Individuelle Förderung

Ringkampf mit einem neumodischen Wort


Ralf Orthey 2006


Individuelle Förderung kann kein Einzelunterricht sein. Einzelunterricht sieht unser Schulsystem nicht vor.
Gelegentlich scheint der Begriff der individuellen Förderung Vorstellungen wach zu rufen, die an den historischen Hauslehrer erinnern und entsprechend optimistische wie auch unrealistische Erwartungen bei Eltern und Bildungspolitikern wecken.

Individuelle Förderung findet während des Unterrichtes im Klassenverband, in einer Teilgruppe oder in der Interaktion mit einzelnen Kindern, in der Vorbereitung des Unterrichts und in der Reflexion des Unterrichts statt.

Der Begriff der individuellen Förderung wird in seiner aktuellen Verwendung gezielt gegen den Begriff Unterricht gesetzt.
Wenn das eine stattfindet, kann das andere nicht stattfinden.
Was aber ist Unterricht, wenn er nicht Förderung ist?
Und wem gilt Förderung, wenn sie nicht einzelnen Kindern zu Gute kommt?
Der Begriff „Unterricht“ – verstanden als Abwesenheit von individueller Förderung - beschreibt also in dieser Polarisierung reine Lehreraktivität, ohne Hinsicht auf Veränderungen in der Zielgruppe, für die der Unterricht veranstaltet wird.
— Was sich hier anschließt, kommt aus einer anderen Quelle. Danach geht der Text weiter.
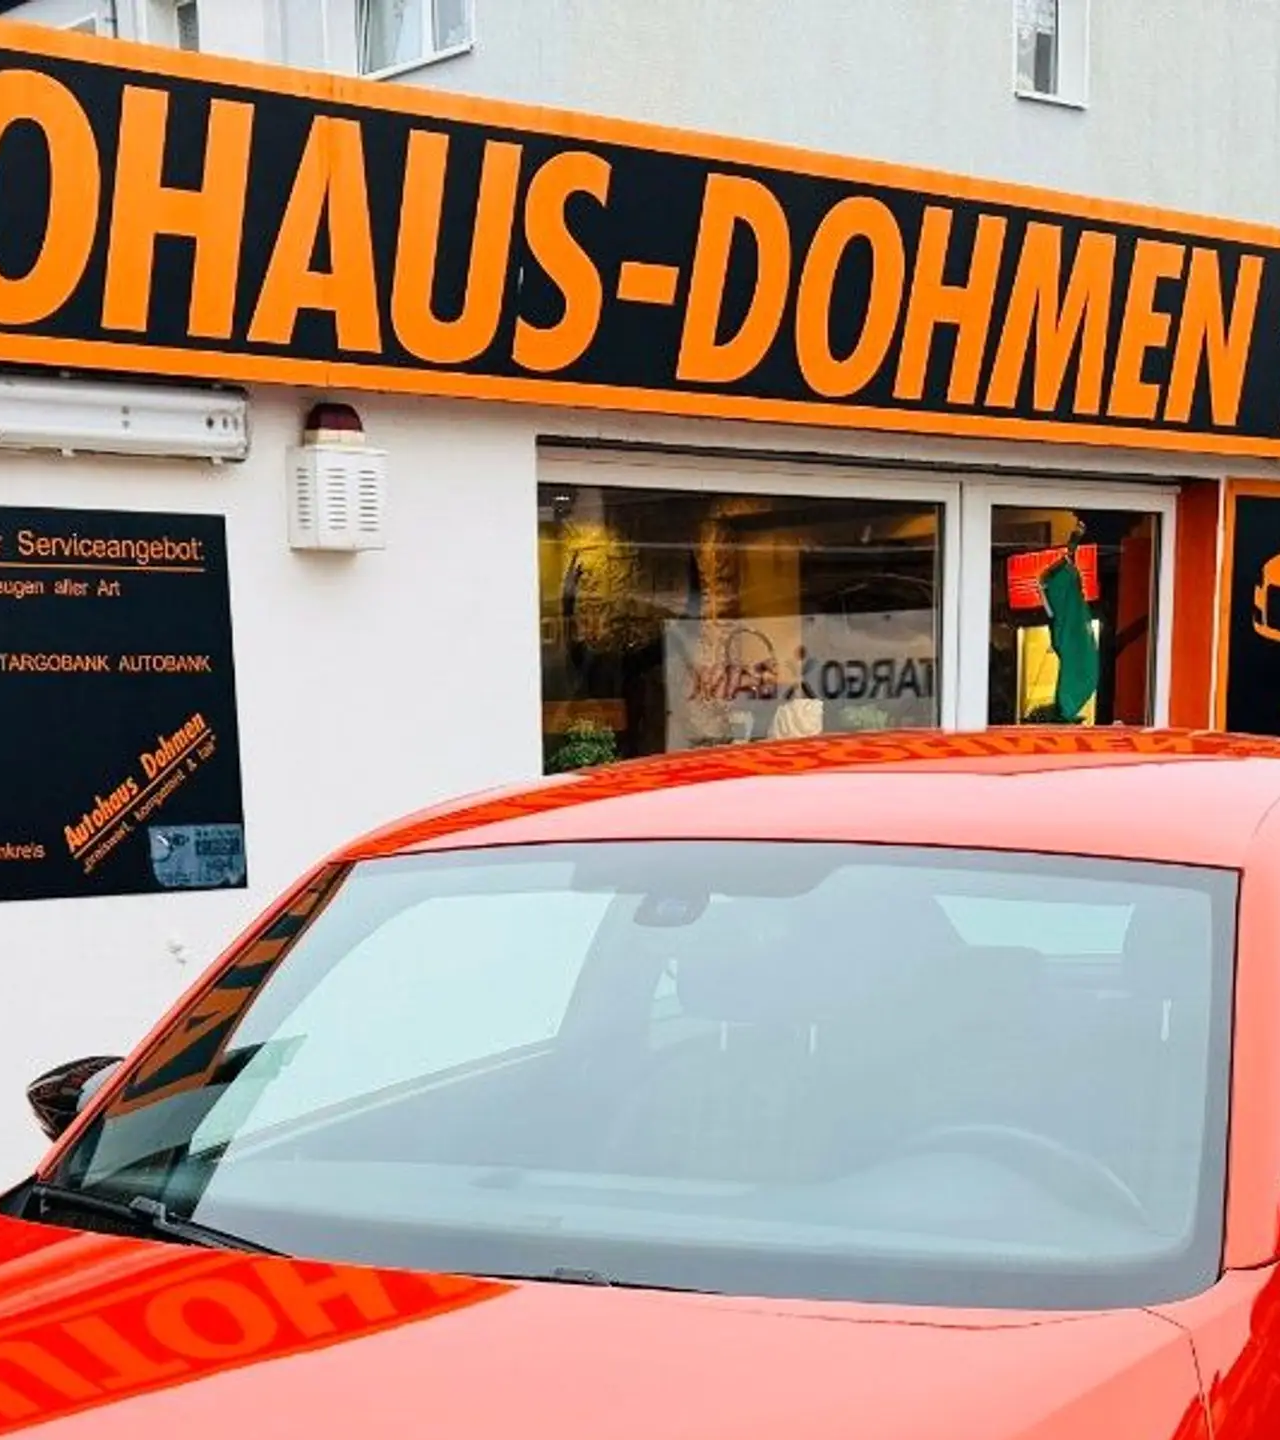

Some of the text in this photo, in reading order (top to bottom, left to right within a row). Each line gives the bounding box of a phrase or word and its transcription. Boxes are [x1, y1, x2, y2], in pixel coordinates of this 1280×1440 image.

[17, 530, 206, 565] Serviceangebot:
[54, 579, 88, 596] aller
[97, 579, 121, 596] Art
[118, 654, 212, 672] AUTOBANK
[63, 712, 207, 852] Autohaus Dohmen
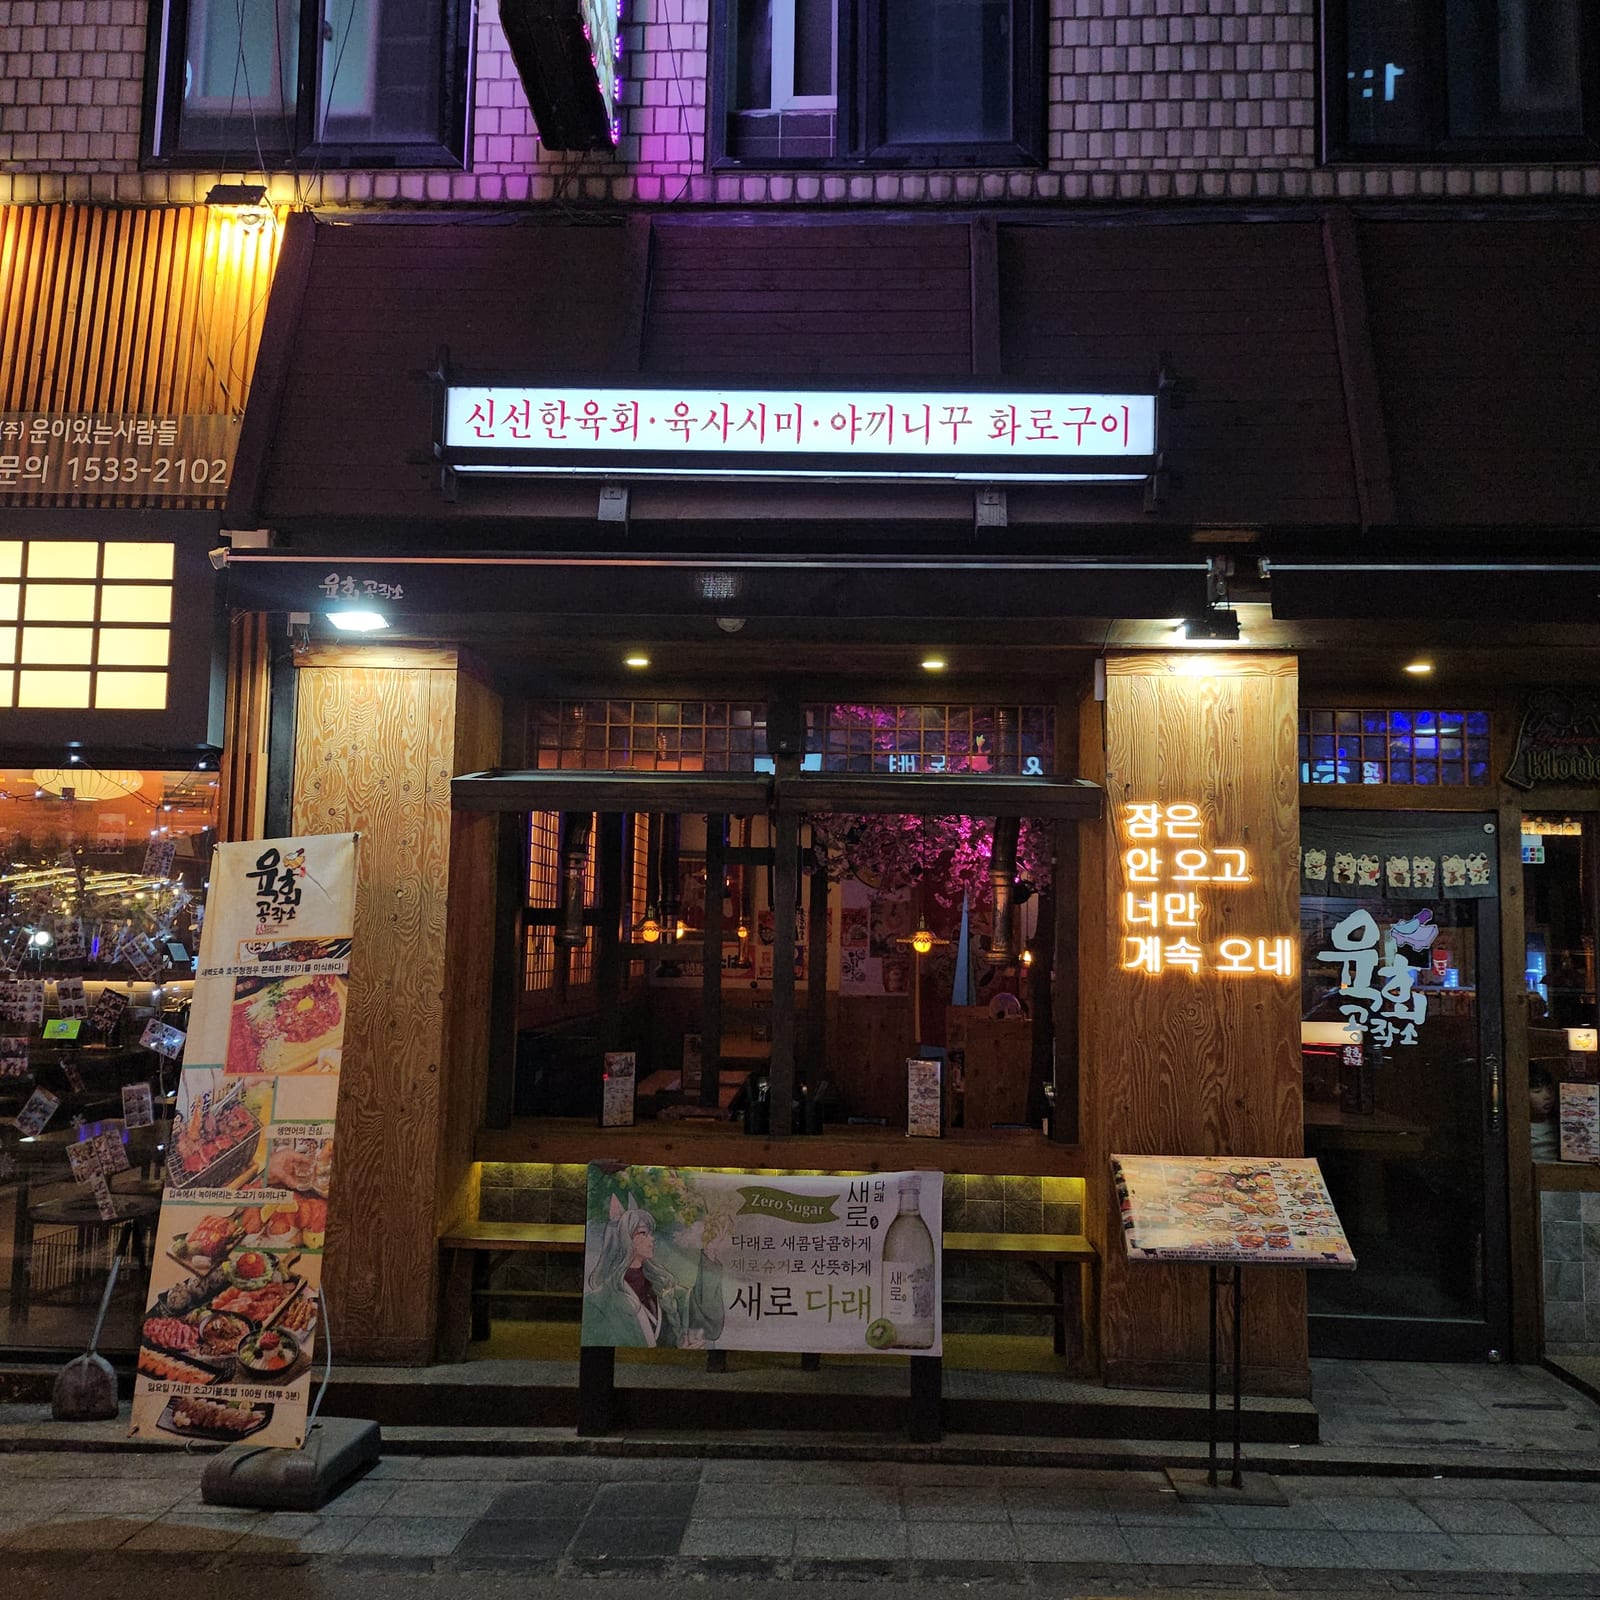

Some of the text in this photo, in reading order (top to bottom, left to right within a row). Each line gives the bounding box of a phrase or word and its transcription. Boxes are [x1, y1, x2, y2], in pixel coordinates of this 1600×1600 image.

[29, 418, 179, 446] 운이있는사람들
[987, 404, 1130, 448] 화로구이
[0, 454, 228, 485] 문의 1533-2102
[318, 572, 404, 602] 육회 공작소
[1125, 803, 1202, 839] 잠은
[246, 848, 302, 907] 육회
[1125, 847, 1251, 883] 안 오고
[256, 901, 297, 924] 공작소
[1126, 891, 1201, 928] 너만
[1125, 936, 1292, 977] 계속 오네
[1316, 908, 1429, 1026] 육회
[1339, 1004, 1419, 1048] 공작소
[234, 1190, 256, 1200] 소고기
[751, 1193, 825, 1219] Zero Sugar
[846, 1180, 869, 1228] 새로
[731, 1235, 872, 1253] 다래로 새콤달콤하게
[810, 1258, 872, 1277] 산뜻하게
[729, 1282, 872, 1324] 새로 다래
[240, 1388, 263, 1400] 100원
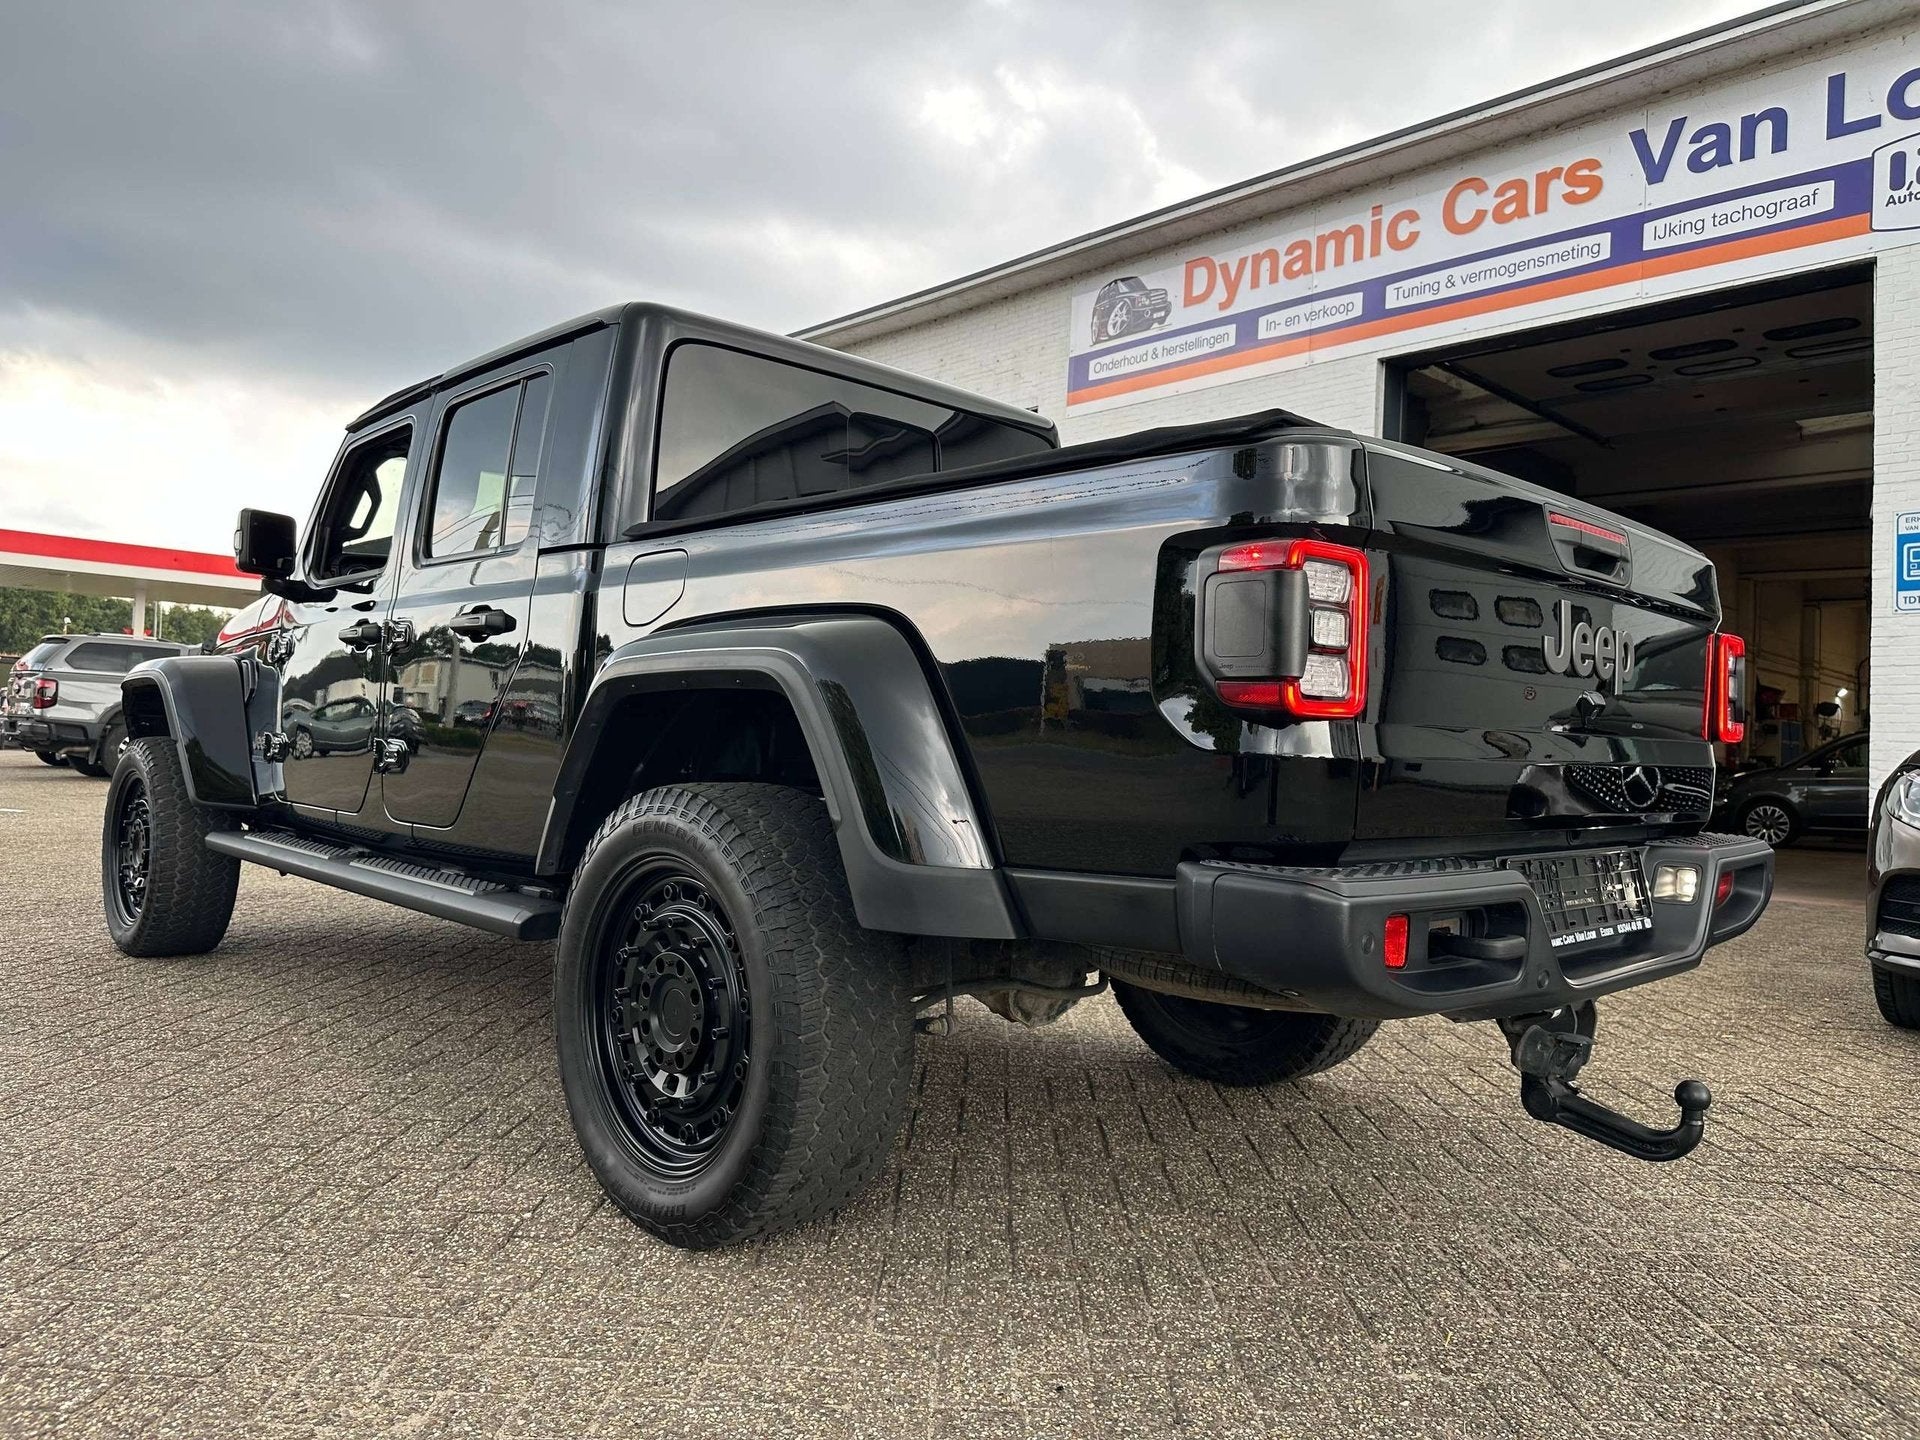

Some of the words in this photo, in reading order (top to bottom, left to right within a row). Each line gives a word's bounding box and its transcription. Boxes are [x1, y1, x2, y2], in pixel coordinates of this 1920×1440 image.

[1183, 205, 1420, 311] Dynamic
[1442, 157, 1604, 235] Cars
[1628, 106, 1788, 186] Van
[1653, 215, 1705, 242] IJking
[1711, 188, 1819, 229] tachograaf
[1394, 280, 1440, 301] Tuning
[1445, 274, 1456, 289] &
[1460, 242, 1601, 286] vermogensmeting
[1266, 319, 1281, 332] In-
[1284, 314, 1300, 327] en
[1304, 301, 1354, 322] verkoop
[1093, 350, 1148, 374] Onderhoud
[1151, 347, 1159, 360] &
[1162, 331, 1229, 357] herstellingen
[1543, 600, 1634, 695] Jeep
Hier beginnt der pädagogische Diskurs insofern ehrlich zu werden, als man sich offensichtlich des alten, geflügelten Wortes: „Wenn alles schläft und einer spricht, dieses nennt man Unterricht“ besinnt und um entsprechende änderungen bemüht ist.
Was ist Individuelle Förderung innerhalb eines Schulsystems, in dem Kinder des gleichen Jahrganges – oder auch gerade nicht – in Gruppen von 20 bis 30 Kindern und in einem seit Jahrzehnten nicht hinterfragten Zeit- und Fachraster mit einer Taktzeit von 45 Minuten „beschult“ werden?
Individuelle Förderung muss bedeuten, dass der Lehrer Motiv und Gelegenheit hat, auf das Individuum zu schauen.
Er muss das Gefühl und die Gelegenheit haben, dies ohne Schaden und Benachteiligung anderen Kindern gegenüber tun zu können.
Der Lehrer muss das Gefühl haben, sich solch luxuriöse Situationen leisten zu können.
Der Lehrer muss das Gefühl haben, durch diesen Anspruch nicht überfordert zu werden. Er muss bei der Reflexion seines Tuns ehrlich bleiben können.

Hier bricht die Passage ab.